Senza che me ne avvedessi, bisognoso com'ero che qualcuno
intervenisse a soccorrermi, il pensiero corse a rispolverare la decisione che
avevo preso mentr'ero in compagnia dei Dossetti. Mi ricordai di Enrico Rinaldi,
calcolai che avrebbe gia' dovuto essere in citta' e mi risolsi a telefonargli
seduta stante. La cabina Sip che avevo di fronte contribuì a farmi rompere ogni
indugio, compreso quello che le buone maniere avrebbe dovuto impormi.
Ricevere una chiamata mentre ci si sta ancora crogiolando tra le
coperte non puo' far piacere a nessuno; ad Enrico meno che ad altri, abituato
com'e' a tirare per le ore piccole.
Rispose all'apparecchio con la voce impastata e col tono
contrariato di chi e' vittima di un brusco risveglio.
"Piu' tardi mi sarebbe stato impossibile telefonarti",
dissi mentendo spudoratamente, "ed ho assoluto bisogno che ci si incontri
in giornata."
"Vediamo un pò", fece l'altro, costretto a riordinare
le idee prima del previsto, "in pomeriggio....no! In pomeriggio ho una
visita che....Vediamoci in serata!"
Colsi al volo l'occasione.
"Dove preferisci!" era il minimo che potessi fare per
ripagarlo della seccatura.
"Potremmo vederci al 'Club 27'...diciamo...per le
diciannove?"
Qualsiasi ora mi sarebbe
andata bene.
Accettai e ci salutammo.
Trascorsi il resto della giornata in un'insolita alternanza di
ansia ed abulia.
Prima che abbandonassi il lavoro un mio assistente venne a
sottopormi una pratica che riteneva urgente.

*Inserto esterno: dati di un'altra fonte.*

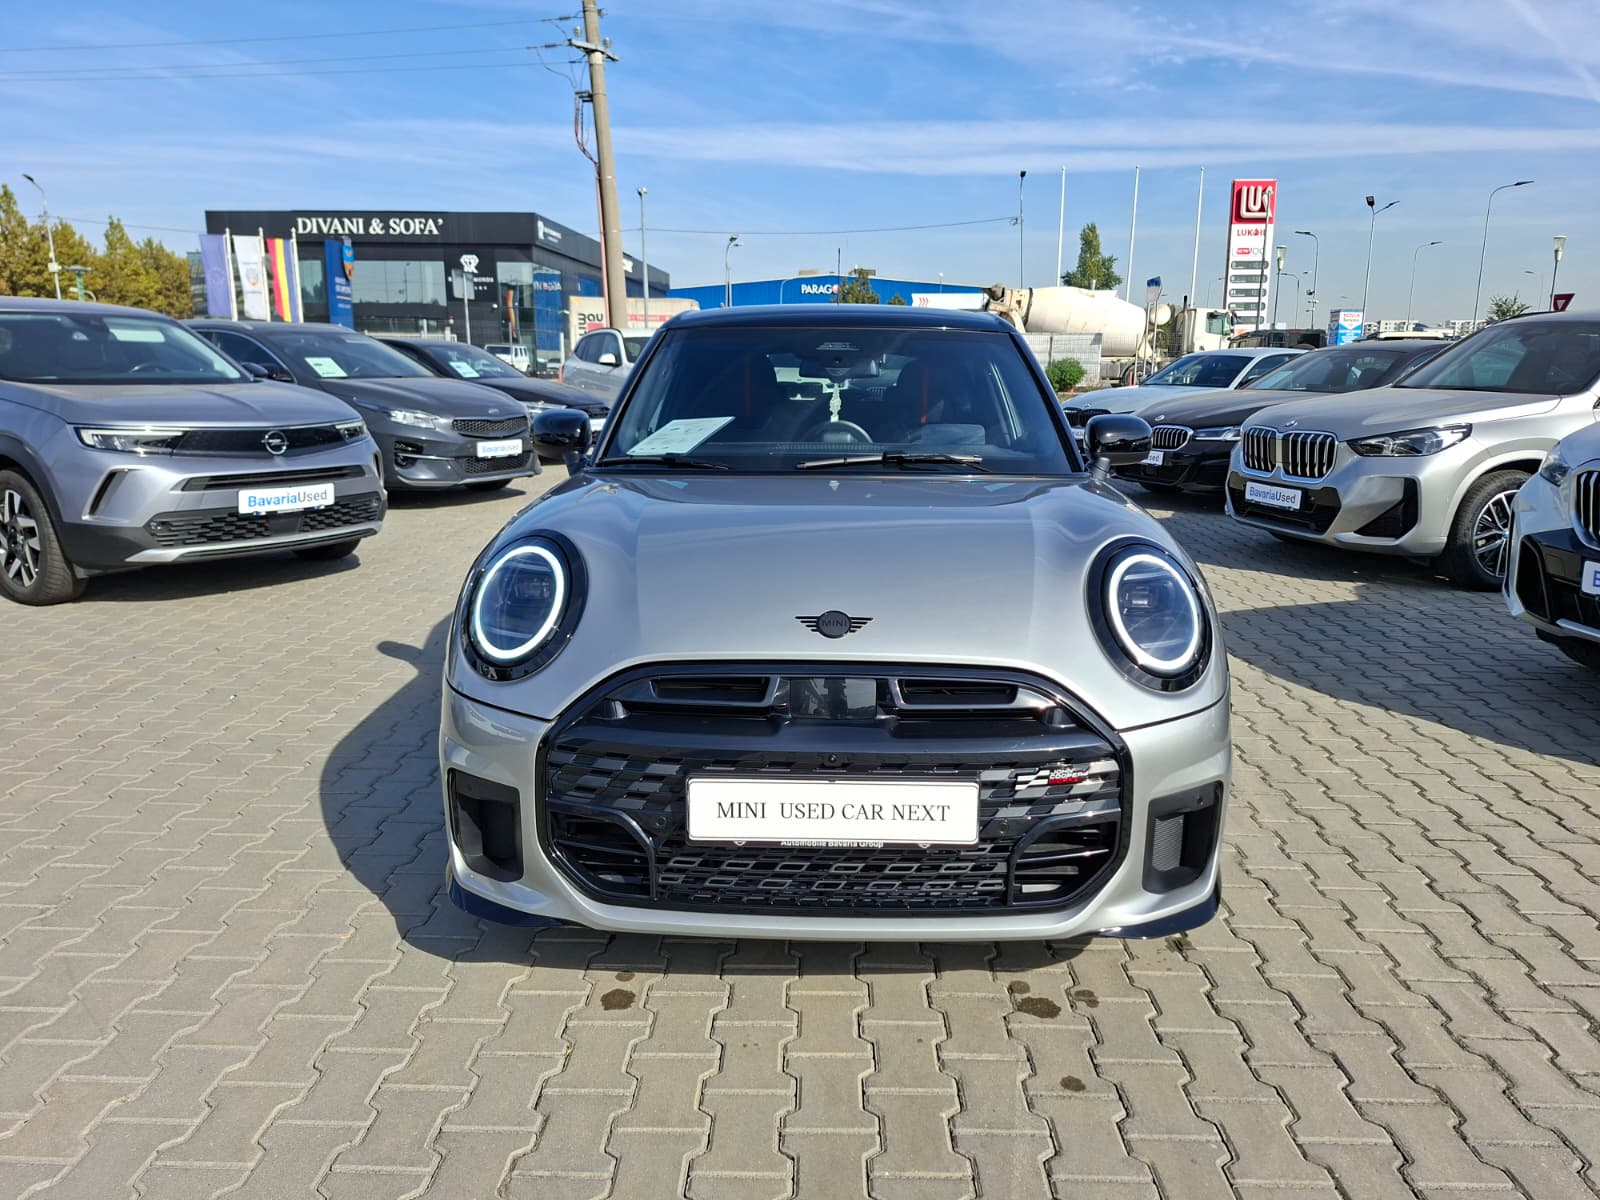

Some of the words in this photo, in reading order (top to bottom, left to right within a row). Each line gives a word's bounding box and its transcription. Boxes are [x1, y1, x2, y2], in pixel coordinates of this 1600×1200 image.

[297, 217, 365, 234] DIVANI
[368, 218, 386, 234] &
[248, 489, 328, 507] BavariaUsed
[1249, 486, 1297, 504] BavariaUsed
[821, 620, 848, 628] MINI
[716, 801, 767, 819] MINI
[780, 802, 836, 819] USED
[841, 803, 884, 820] CAR
[891, 804, 951, 821] NEXT
[780, 839, 827, 848] Automobile
[828, 840, 858, 848] Bavaria
[859, 840, 885, 849] Group

Ero seccato al pensiero di dovermi attardare in ufficio; l'ora
fissata per l'appuntamento si avvicinava rapidamente, e c'e' da aggiungere che
non ho l'abitudine di rispondere tamburo battente alle scartoffie che mi
vengono inviate.
Scorsi nervosamente il documento: era privo di data.

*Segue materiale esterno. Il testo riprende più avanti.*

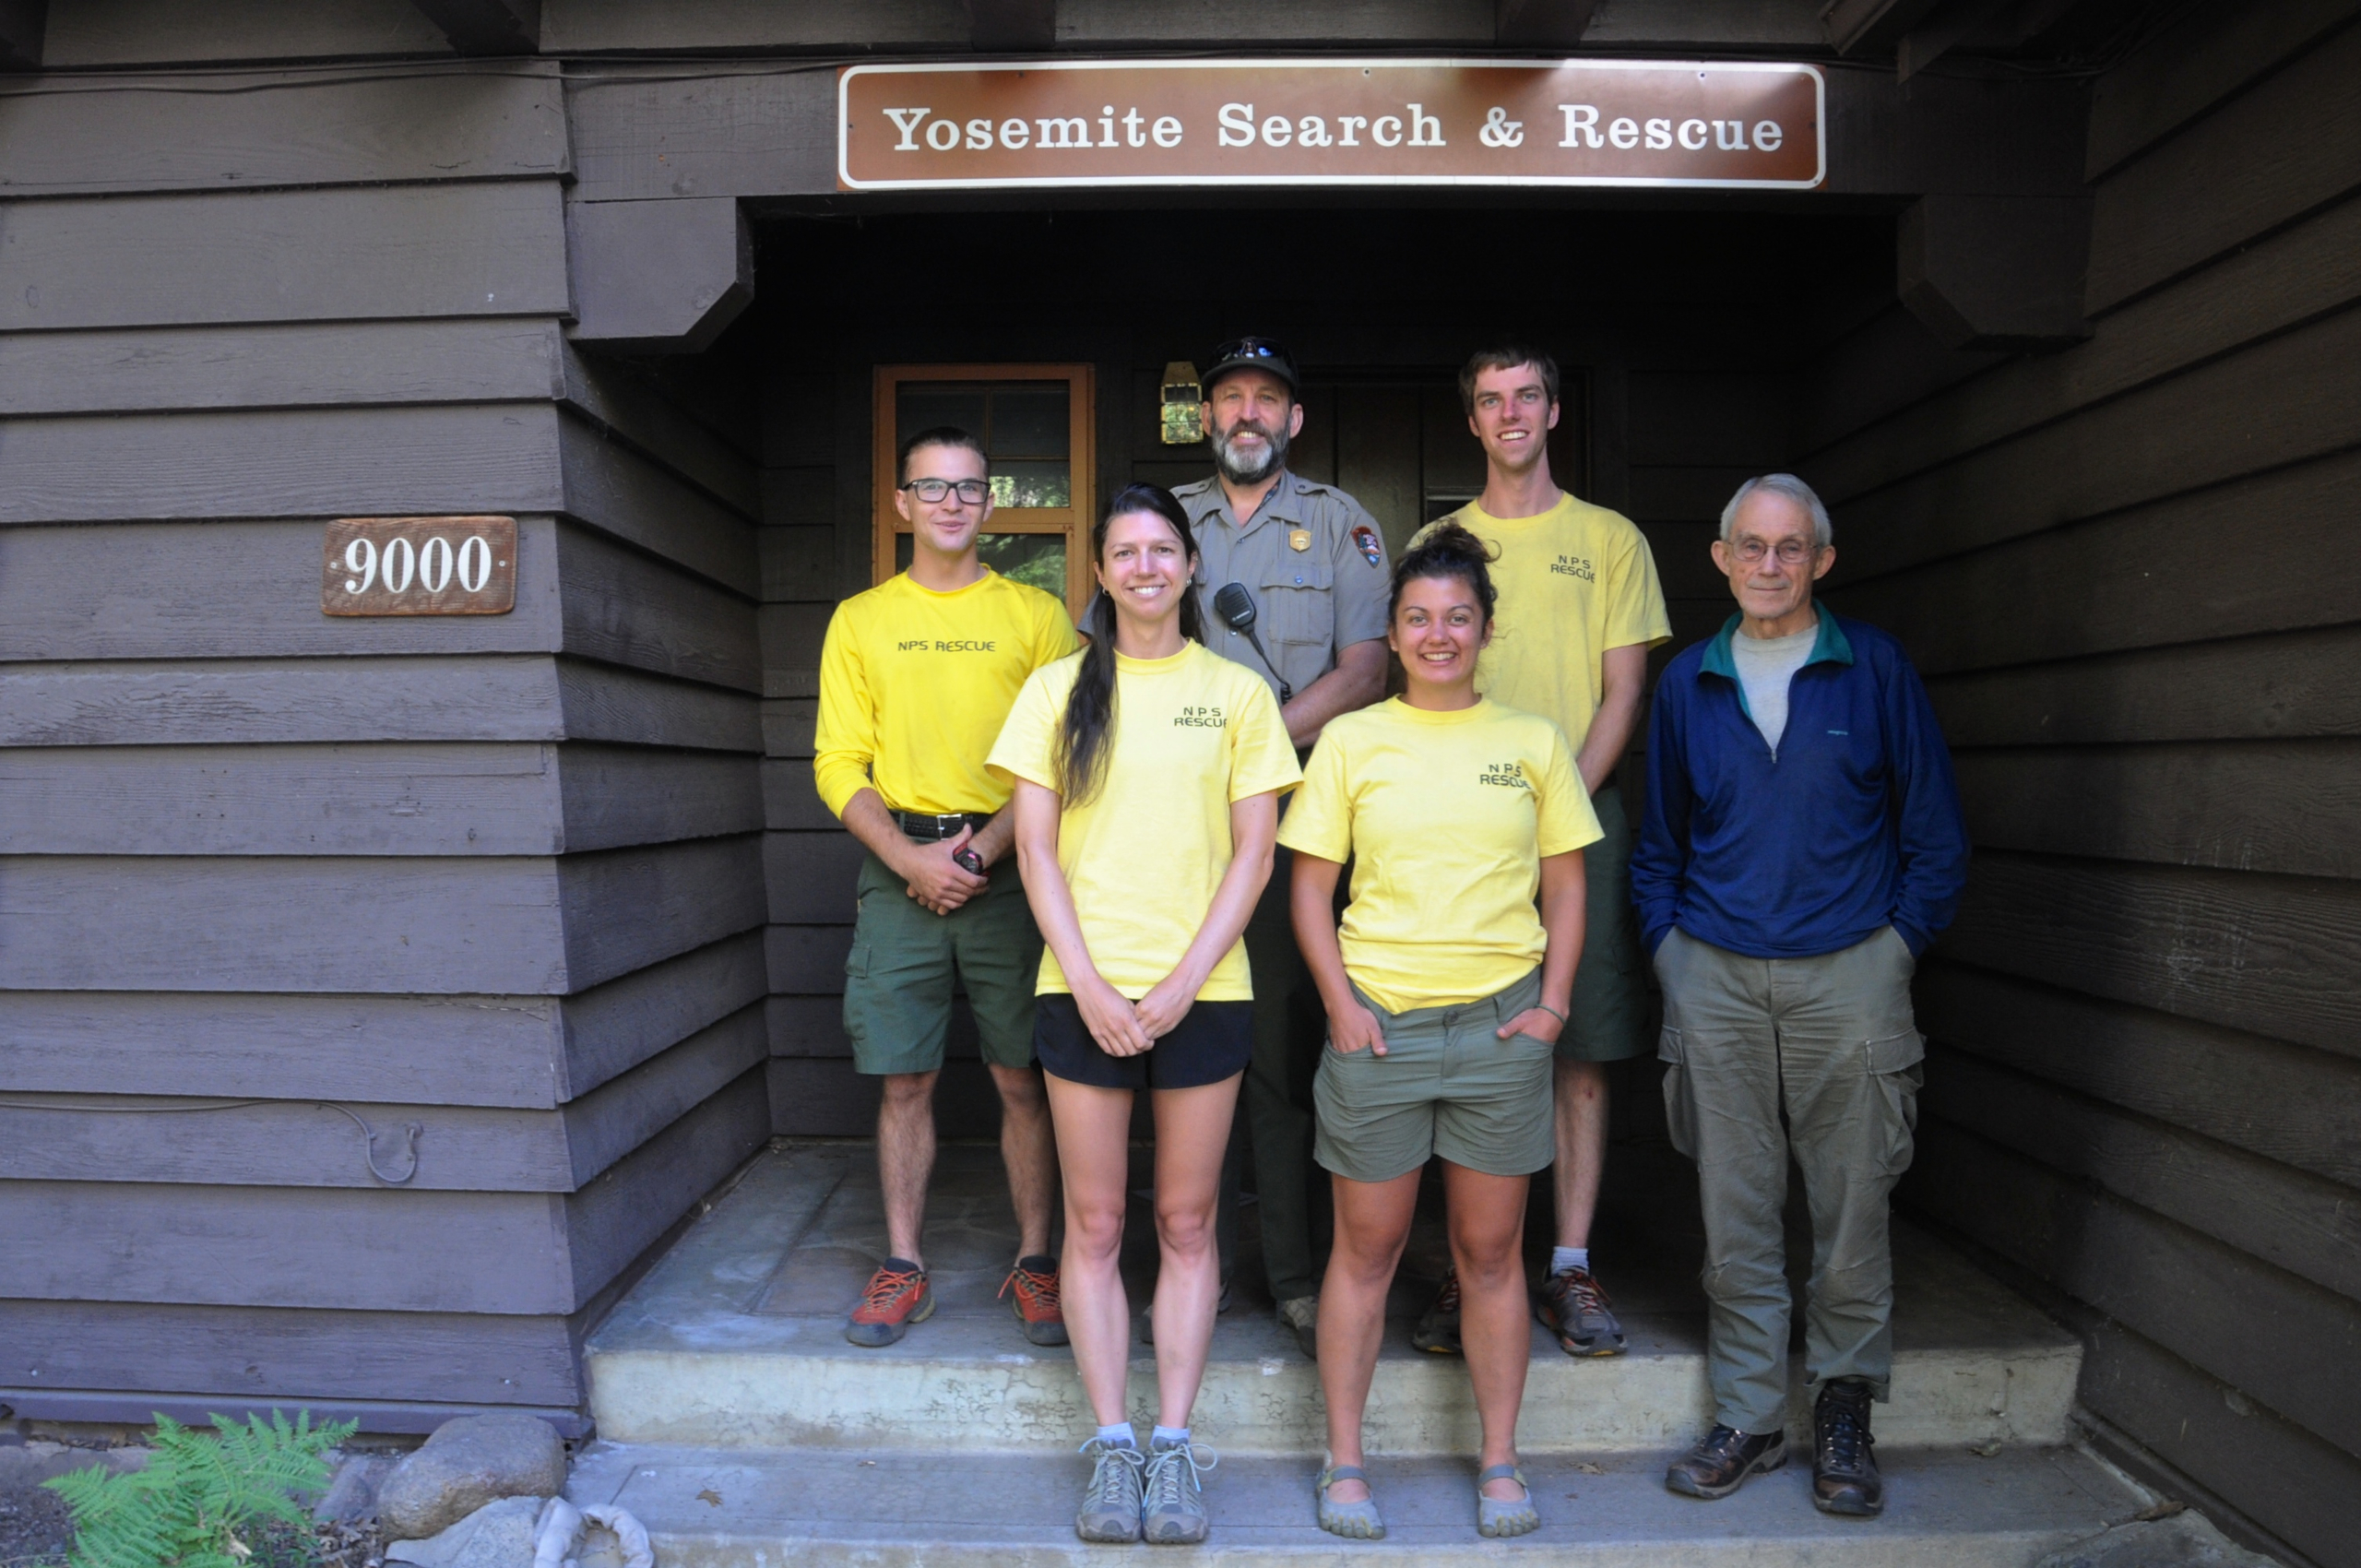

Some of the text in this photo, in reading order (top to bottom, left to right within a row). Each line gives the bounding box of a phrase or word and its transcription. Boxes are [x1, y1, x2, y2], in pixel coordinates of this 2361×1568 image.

[883, 102, 1783, 152] Yosemite Search & Rescue
[344, 535, 492, 595] 9000
[897, 640, 996, 652] NPS RESCUE

"Quando e' arrivato?" chiesi. L'assistente ci penso' sù
un momento: "non piu' tardi di cinque giorni fa!"
Quella frase mi colpì profondamente senza
che, all'istante, riuscissi a spiegarmene la ragione. Subito dopo dovevo aver
assunto un'espressione tale da indurre l'altro a pensare che stesse per venirmi
un colpo. Poco manco' che non arrivasse per davvero. Avevo potuto constatare, a
seguito di quella banale risposta che, ancora una volta, la devastante
ossessione di cui ero vittima, aveva rispettato puntualmente la stessa cadenza
che per prima mia moglie aveva individuato.